Getting the message out

Although some institutions have started adopting the recommendations, others, especially those in areas not yet overwhelmed by patients with COVID-19, have not, so societies will continue to issue recommendations related to the cath lab throughout the duration of the pandemic, Naidu told Healio.

“My institution was ahead of the curve and other places are behind the curve, and as it gets busy, they may have trouble putting these policies in place,” he said. “So I think the document is helpful, even in the epicenter of New York, where there is still no consistency. This definitely helps bring consistency and helps protect our doctors from being forced to do procedures that might put them or the patient at risk because, during these times, it might be safer to have a consensus on which procedures should be deferred and which should be performed. Probably every 2 weeks, we’re going to have another manuscript to publish, given the rapidly changing landscape and as experience is accrued.”

Naidu said future documents are expected to address a problem that is starting to emerge: What to do with patients with COVID-19 who appear to have STEMI but actually do not.


“Some places are saying 25% to 40% of STEMIs in COVID-19 patients are not STEMIs, they’re myocarditis or vasospasm that mimics STEMI, so giving lytics may not be the right thing either,” Naidu told Healio. “We may ultimately move to things like a CT angiography to rule out STEMI in the ER, and at the same time look at the lungs, because these patients may not have any coronary disease at all, and you don’t want to give them lytics; they may bleed into their lungs or brain, causing a worse problem overall.” – by Erik Swain


Szerlip M, et al. Catheter Cardiovasc Interv. 2020;doi:10.1002/ccd.28887.

Welt FGP, et al. J Am Coll Cardiol. 2020;doi:10.1016/j.jacc.2020.03.021.

For more information:

Srihari S. Naidu, MD, FACC, FAHA, FSCAI, can be reached at; Twitter: @sriharinaidumd.
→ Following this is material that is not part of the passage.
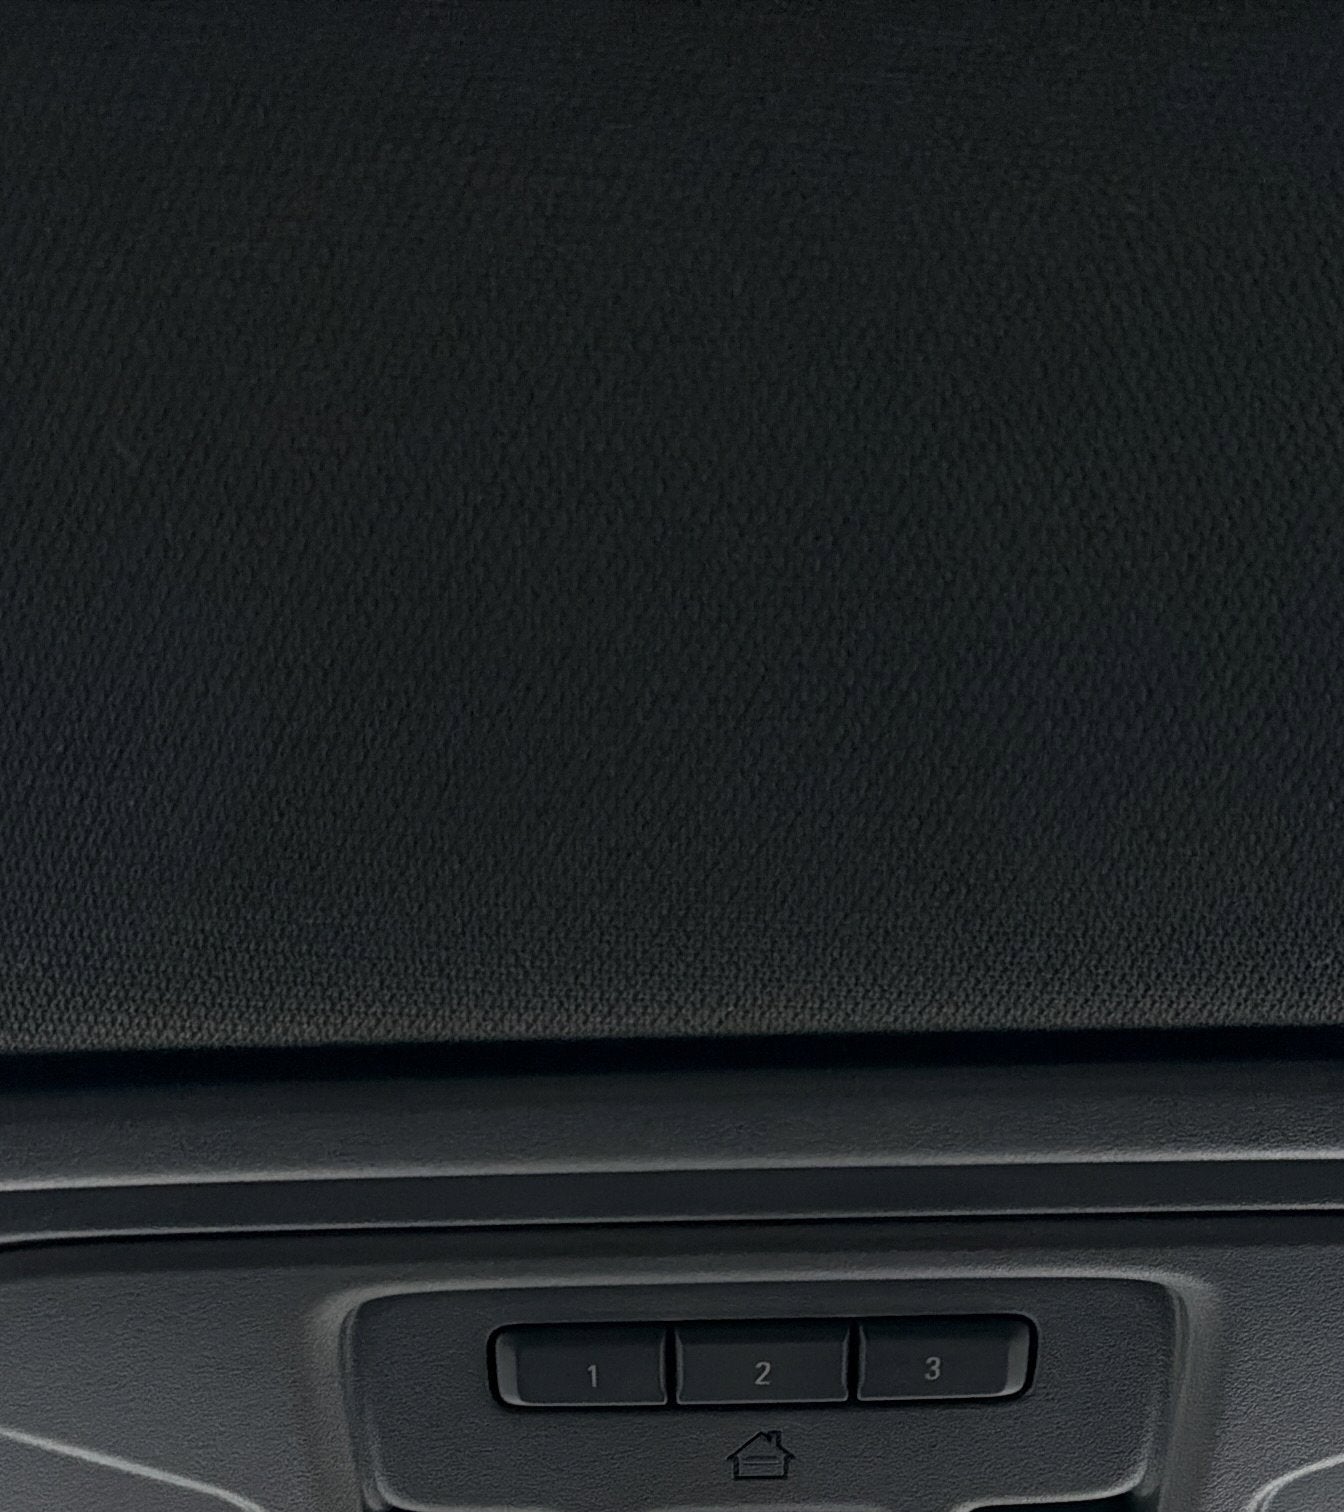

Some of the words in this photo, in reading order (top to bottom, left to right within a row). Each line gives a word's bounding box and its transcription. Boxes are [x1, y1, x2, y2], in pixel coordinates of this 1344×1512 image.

[587, 1364, 598, 1388] 1
[754, 1362, 772, 1385] 2
[925, 1356, 941, 1380] 3
Disclosures: Naidu reports no relevant financial disclosures. Welt reports he serves as a site principal investigator for a trial sponsored by Medtronic and serves on an advisory board for Medtronic. Please see the documents for all other authors’ relevant financial disclosures.

Editor’s Note: This article was updated on March 25, 2020, with new content after the release of the second SCAI document. It was updated again on March 26, 2020 to reflect changes in information in the infographic after the release of the second SCAI document.